Histologic examination demonstrates predominantly superficial, eosinophilic, or neutrophilic pustules with acantholytic keratinocytes
(Figure 9). Rarely, early cases of pemphigus foliaceus can show eosinophilic pustules with spongiosis (intercellular edema) in the
epidermis or around hair follicles but no acantholysis.47
When bacterial skin infections (impetigo and exfoliative pyoderma) are present with pemphigus foliaceus, it can be difficult
to determine which histologic changes are due to the pemphigus foliaceus and which changes are due to bacteria. In general,
pemphigus foliaceus is more commonly associated with a greater density of acantholytic cells and large pustules that span
across multiple hair follicles compared with bacterial skin infections.38 Treat any concurrent bacterial infections with antimicrobials before biopsy to increase the chances of a clear diagnosis
from histologic examination. If you receive a skin biopsy report that lists both bacterial skin infection and pemphigus foliaceus
as possible diagnoses, a practical next step is to treat the possible bacterial skin infection with antimicrobial therapy.

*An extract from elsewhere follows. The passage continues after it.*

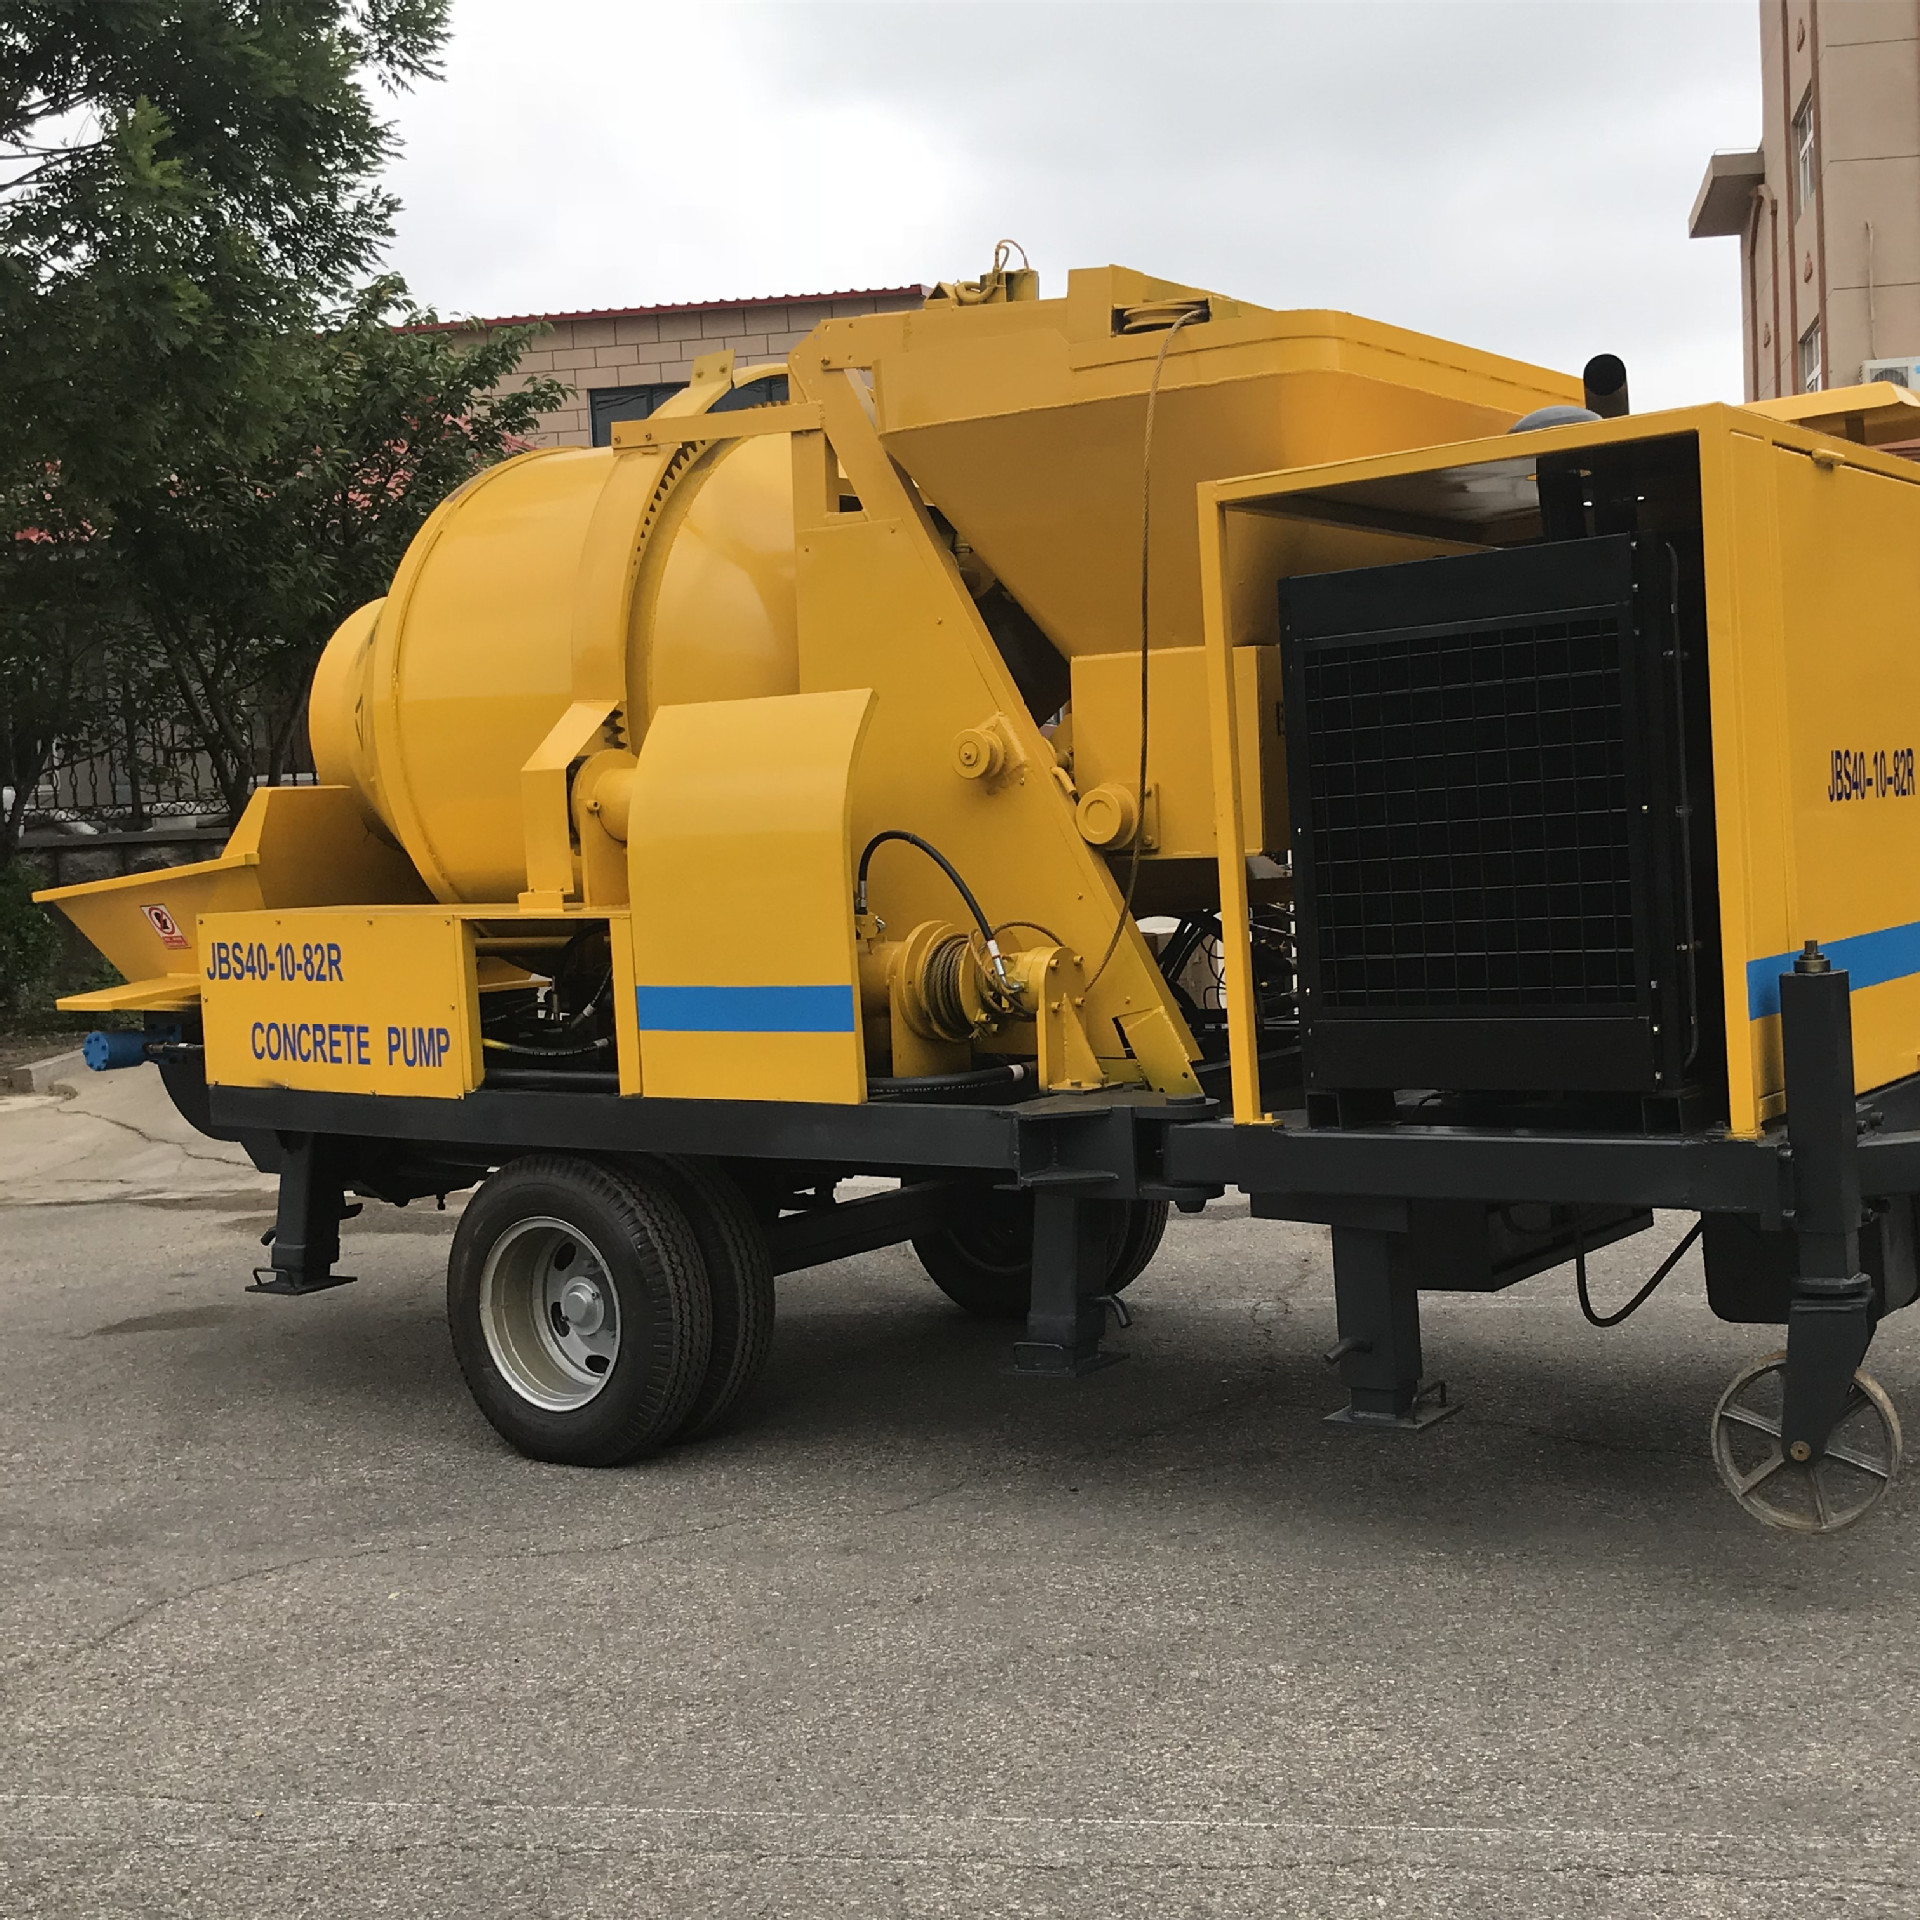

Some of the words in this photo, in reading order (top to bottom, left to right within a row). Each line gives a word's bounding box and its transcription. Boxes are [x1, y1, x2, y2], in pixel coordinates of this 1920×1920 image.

Bacterial culture of the skin may be necessary to select an appropriate antibiotic. Full resolution of lesions with only antimicrobial
therapy is consistent with a bacterial skin infection rather than pemphigus foliaceus.
Systemic immunosuppression is not recommended without a firm diagnosis of pemphigus foliaceus. If a patient is suspected of
having pemphigus foliaceus but diagnostic test results are inconclusive, additional biopsy of other lesions or, preferably,
referral to a dermatologist is recommended.
Immunofluorescence testing is used primarily for research purposes to characterize the immunologic response in pemphigus foliaceus.
The identification of intercellular epidermal IgG via direct immunofluorescence is not specific to pemphigus foliaceus in
dogs.4,14 Indirect immunofluorescence identifies circulating autoantibodies but is highly dependent on the substrate. Immunofluorescence
is not necessary to clinically diagnose and manage patients with pemphigus foliaceus.